That would be much appreciated. =:^)

Last time I had to do a restore I had a backup, but it was a bit older
than I would have liked.  As a result, once I realized
ownership/perms metadata wasn't restored, it was simple enough to
quick-hack a script to check each restored file against the backup, and
where the file existed in both, do a chown and chmod using
--reference=$bakfile.  That left only the new-since-backup files, which
were few enough and obvious enough I could fix them manually.

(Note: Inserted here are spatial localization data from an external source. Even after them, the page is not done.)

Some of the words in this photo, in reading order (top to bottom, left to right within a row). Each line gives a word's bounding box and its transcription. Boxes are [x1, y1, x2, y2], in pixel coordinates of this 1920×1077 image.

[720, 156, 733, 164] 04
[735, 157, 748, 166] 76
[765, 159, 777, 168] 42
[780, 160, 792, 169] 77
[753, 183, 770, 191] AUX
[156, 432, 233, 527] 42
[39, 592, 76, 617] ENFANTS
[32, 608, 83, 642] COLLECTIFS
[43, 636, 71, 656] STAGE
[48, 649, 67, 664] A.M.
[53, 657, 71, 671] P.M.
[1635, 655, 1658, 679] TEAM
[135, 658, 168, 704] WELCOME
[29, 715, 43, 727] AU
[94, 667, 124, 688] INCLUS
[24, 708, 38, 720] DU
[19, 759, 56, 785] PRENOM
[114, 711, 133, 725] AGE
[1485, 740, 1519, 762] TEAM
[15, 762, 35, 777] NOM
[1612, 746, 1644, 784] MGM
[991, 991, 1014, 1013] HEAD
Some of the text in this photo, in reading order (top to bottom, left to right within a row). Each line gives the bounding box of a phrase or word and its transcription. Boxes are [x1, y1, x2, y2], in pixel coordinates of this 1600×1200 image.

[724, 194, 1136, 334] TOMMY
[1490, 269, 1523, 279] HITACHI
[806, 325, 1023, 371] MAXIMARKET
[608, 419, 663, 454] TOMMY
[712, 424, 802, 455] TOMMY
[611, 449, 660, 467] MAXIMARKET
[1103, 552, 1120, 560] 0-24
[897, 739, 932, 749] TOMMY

If I'd have not had a backup (if a bit dated), I'd have obviously been
even *more* thankful for restore, and probably would have done
arbitrary chown/chmod and simply had more manual fixes to do, but I'd
have surely been swearing rather more in the process.

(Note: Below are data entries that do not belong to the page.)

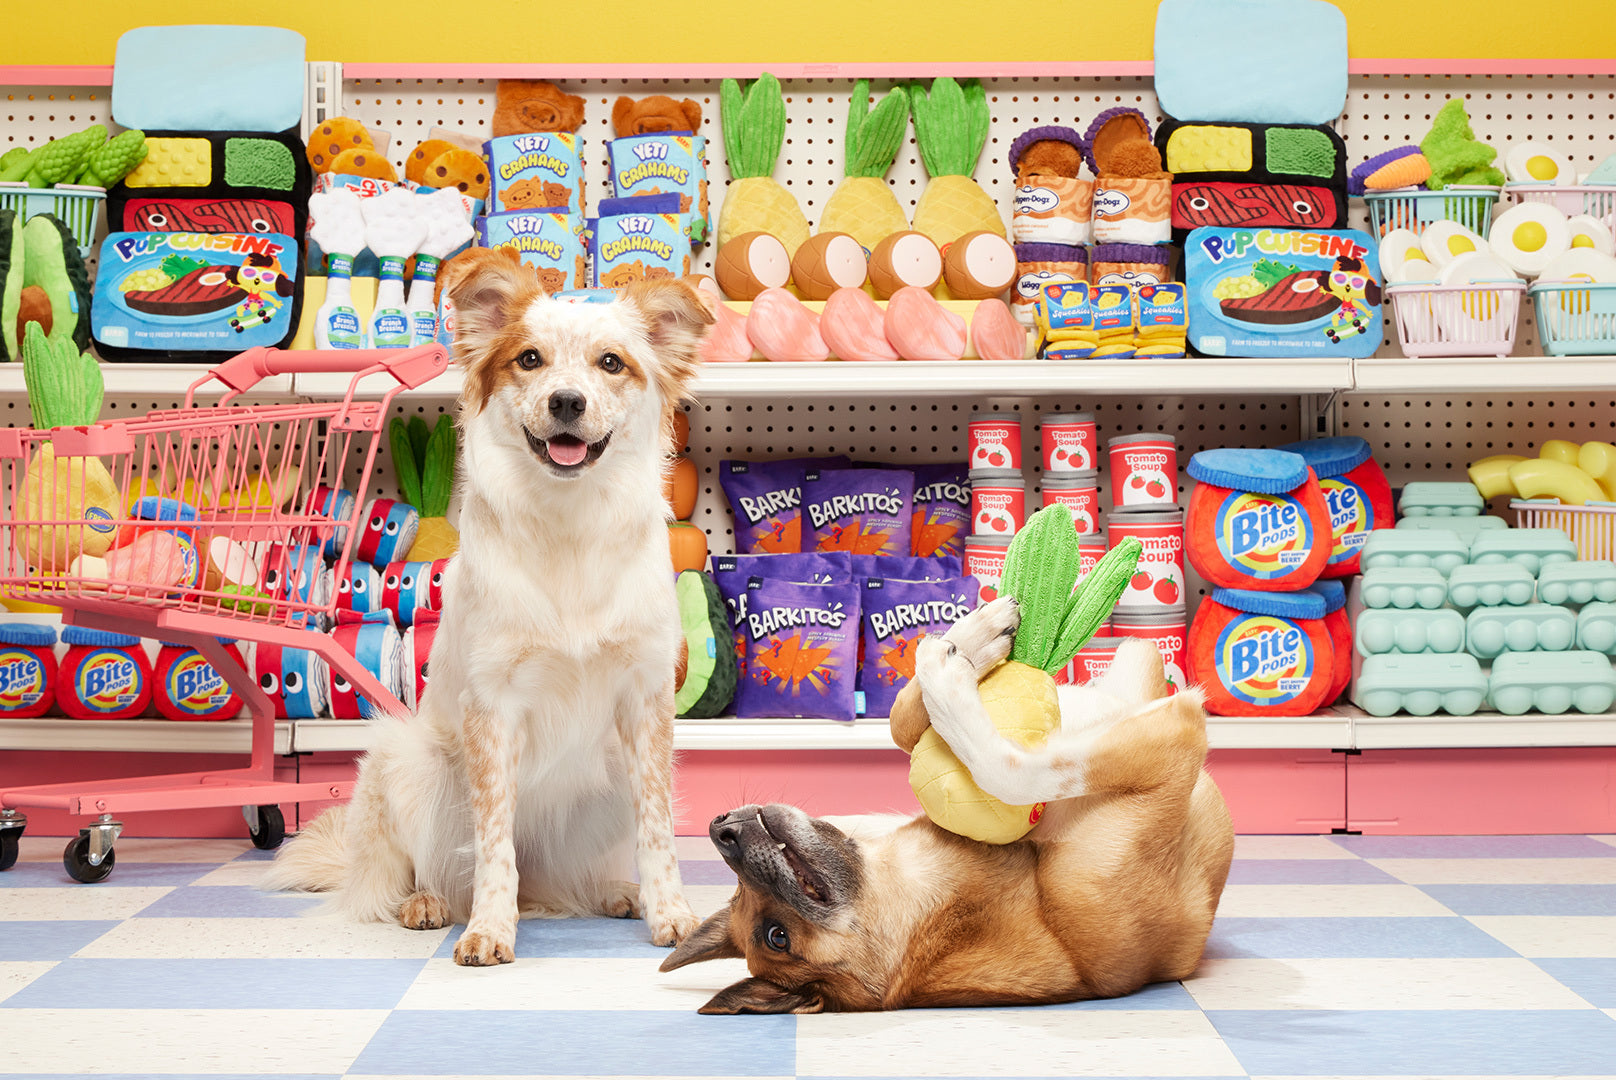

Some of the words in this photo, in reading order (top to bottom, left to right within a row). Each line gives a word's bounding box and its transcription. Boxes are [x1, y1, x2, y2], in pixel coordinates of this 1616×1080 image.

[513, 136, 550, 153] YETI
[633, 141, 669, 161] YETI
[499, 153, 569, 180] GRAHAMS
[619, 161, 689, 189] GRAHAMS
[507, 215, 544, 235] YETI
[617, 215, 654, 235] YETI
[493, 236, 564, 260] AHAMS
[601, 236, 673, 262] GRAHAMS
[1052, 307, 1091, 318] Squeakies
[1143, 306, 1183, 315] Squeakies
[333, 322, 357, 332] Dressing
[335, 316, 355, 325] Branch
[381, 319, 402, 327] Branch
[379, 325, 404, 333] Dressing
[974, 430, 1008, 438] Tomato
[979, 437, 1002, 445] Soup
[1053, 431, 1087, 439] Tomato
[1058, 438, 1081, 446] Soup
[1126, 454, 1167, 463] Tomato
[1133, 463, 1160, 471] Soup
[912, 482, 973, 505] KITOS
[979, 495, 1012, 503] Tomato
[739, 487, 801, 522] BARK
[983, 502, 1006, 510] Soup
[1326, 487, 1357, 515] te
[1332, 509, 1356, 528] ODS
[1231, 504, 1297, 556] Bite
[1262, 526, 1296, 548] PODS
[1139, 538, 1180, 549] mato
[969, 557, 1004, 567] Tomato
[1280, 556, 1301, 564] BERRY
[973, 567, 997, 576] Soup
[1231, 628, 1299, 683] Bite
[1086, 661, 1111, 669] Tom
[1262, 653, 1296, 675] PODS
[11, 676, 36, 690] PODS
[84, 660, 133, 699] Bite
[106, 677, 131, 693] PODS
[197, 678, 222, 694] PODS

So patching restore to "just work", restoring all metadata
possible (of course it won't always be possible, we /are/ assuming a
likely heavily damaged btrfs if we're resorting to restore, so it's
not always going to be possible), would be a huge improvement.

BTW, symlinks too.  At least back then (I think about a year ago, quite
some changes since then), restore entirely skipped symlinks.
I'm not a coder but I assumed that was because that was entirely
metadata, and all it was restoring was data.  So I had to manually
recreate all my symlinks too.  If that could be patched at the same
time, I'm sure it'd make a lot of folks happy! =:^)  Obviously, if
you're resorting to restore, you take what you can get, and I /was/
happy with what I got, if a bit disappointed at the same time, but the
more it's possible to get...

IMO, getting all that in btrfs restore would surely make for a
milestone btrfs-progs release. =:^)
Dan Merillat April 17, 2015, 12:32 p.m. UTC | #5
On Fri, Apr 17, 2015 at 7:54 AM, Noah Massey <noah.massey@gmail.com> wrote:
> On Thu, Apr 16, 2015 at 7:33 PM, Dan Merillat <dan.merillat@gmail.com> wrote:
>> The inode is already found, use the data and make restore friendlier.
>>
>> Signed-off-by: Dan Merillat <dan.merillat@gmail.com>
>> ---
>>  cmds-restore.c | 12 ++++++++++++
>>  1 file changed, 12 insertions(+)
>>
>> diff --git a/cmds-restore.c b/cmds-restore.c
>> index d2fc951..95ac487 100644
>> --- a/cmds-restore.c
>> +++ b/cmds-restore.c
>> @@ -567,12 +567,22 @@ static int copy_file(struct btrfs_root *root, int
>> fd, struct btrfs_key *key,
>>                 fprintf(stderr, "Ran out of memory\n");
>>                 return -ENOMEM;
>>         }
>> +       struct timespec times[2];
>> +       int times_ok=0;
>>
>>         ret = btrfs_lookup_inode(NULL, root, path, key, 0);
>>         if (ret == 0) {
>>                 inode_item = btrfs_item_ptr(path->nodes[0], path->slots[0],
>>                                     struct btrfs_inode_item);
>>                 found_size = btrfs_inode_size(path->nodes[0], inode_item);
>> +               struct btrfs_timespec bts;
>> +               read_eb_member(path->nodes[0], inode_item, struct btrfs_inode_item, atime, &bts);
>> +               times[0].tv_sec=bts.sec;
>> +               times[0].tv_nsec=bts.nsec;
>> +               read_eb_member(path->nodes[0], inode_item, struct btrfs_inode_item, atime, &bts);
>
> I think you mean 'mtime' here

I absolutely do, whoops.  This is probably a good time to mention how
much I dislike the fake pointers being used everywhere, coupled with
the partially-implemented macro magic to get fields out of them.  Is
there a good reason why btrfs_item_ptr isn't just a type-pun, with the
understanding that you'll need to copy it to keep it?

>> +       if (times_ok)
>> +               futimens(fd, times);
>
> return value isn't checked here.

What could we do with the error if it occurred?  Restoring times is a
nice bonus if it works, but if it gets lost while the data was
restored successfully, that shouldn't be an error condition.  I can
add a comment to that effect to make it clearer why it's being ignored
though, or perhaps something like a warn_once if the filesystem being
restored to doesn't support changing the times.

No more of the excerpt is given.